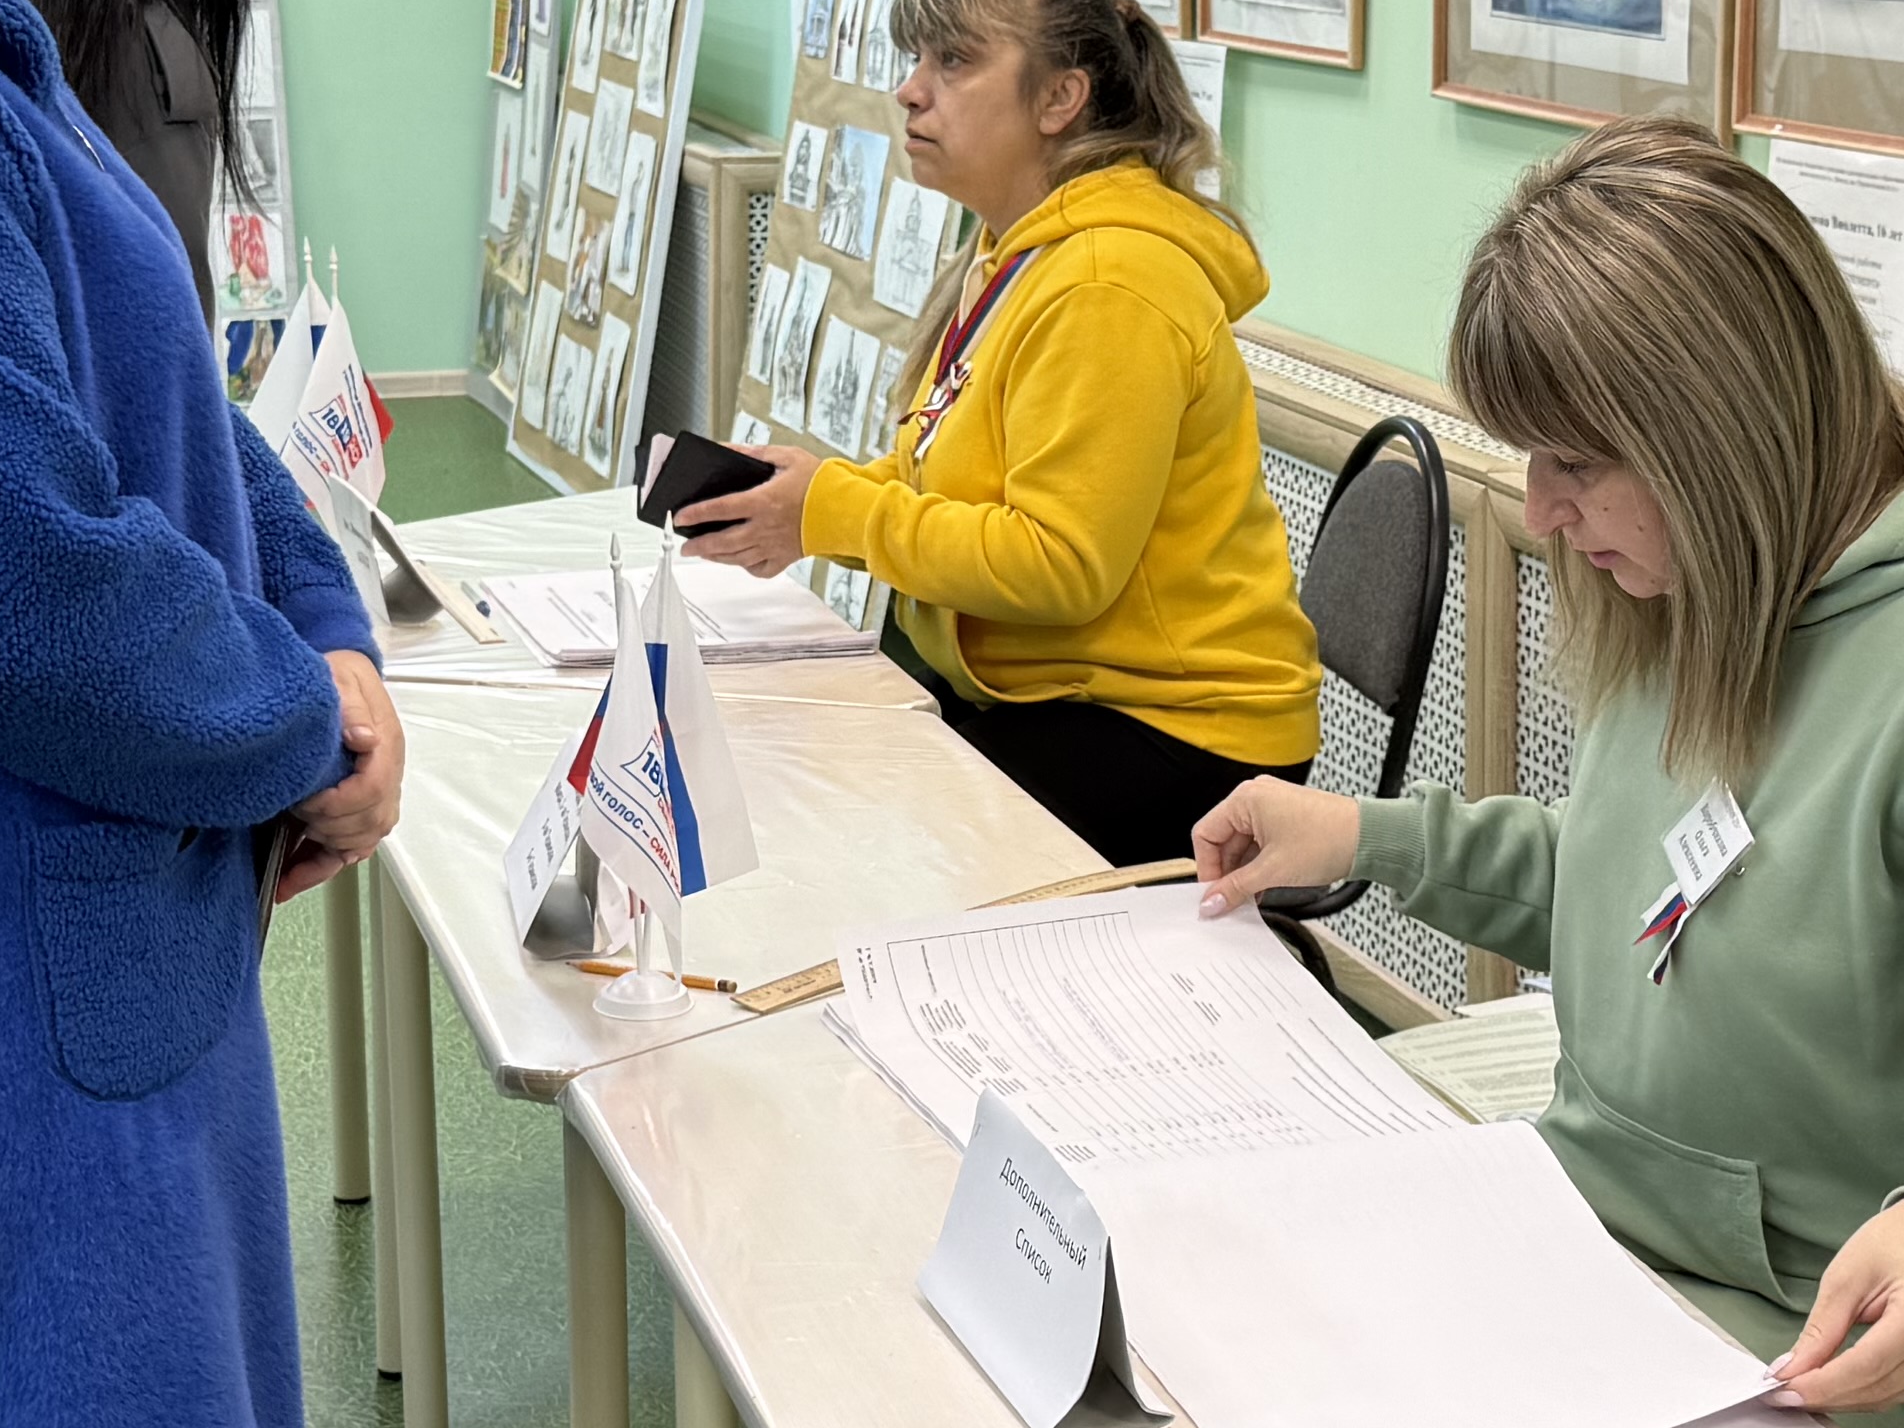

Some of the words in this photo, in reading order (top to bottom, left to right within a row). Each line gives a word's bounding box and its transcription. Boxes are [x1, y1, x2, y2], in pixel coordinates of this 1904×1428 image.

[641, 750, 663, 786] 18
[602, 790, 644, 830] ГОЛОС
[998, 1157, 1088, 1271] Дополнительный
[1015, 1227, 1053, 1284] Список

· · · ·

• EXERCISE DETAILS: Your answer must consist of the entries, unchanged, with no pictures in it.

• SOLVED EXERCISE:
Some of the words in this photo, in reading order (top to bottom, left to right within a row). Each line gives a word's bounding box and its transcription. Boxes are [x1, y1, x2, y2], in pixel coordinates of this 1904×1428 image.

[641, 750, 663, 786] 18
[602, 790, 644, 830] ГОЛОС
[998, 1157, 1088, 1271] Дополнительный
[1015, 1227, 1053, 1284] Список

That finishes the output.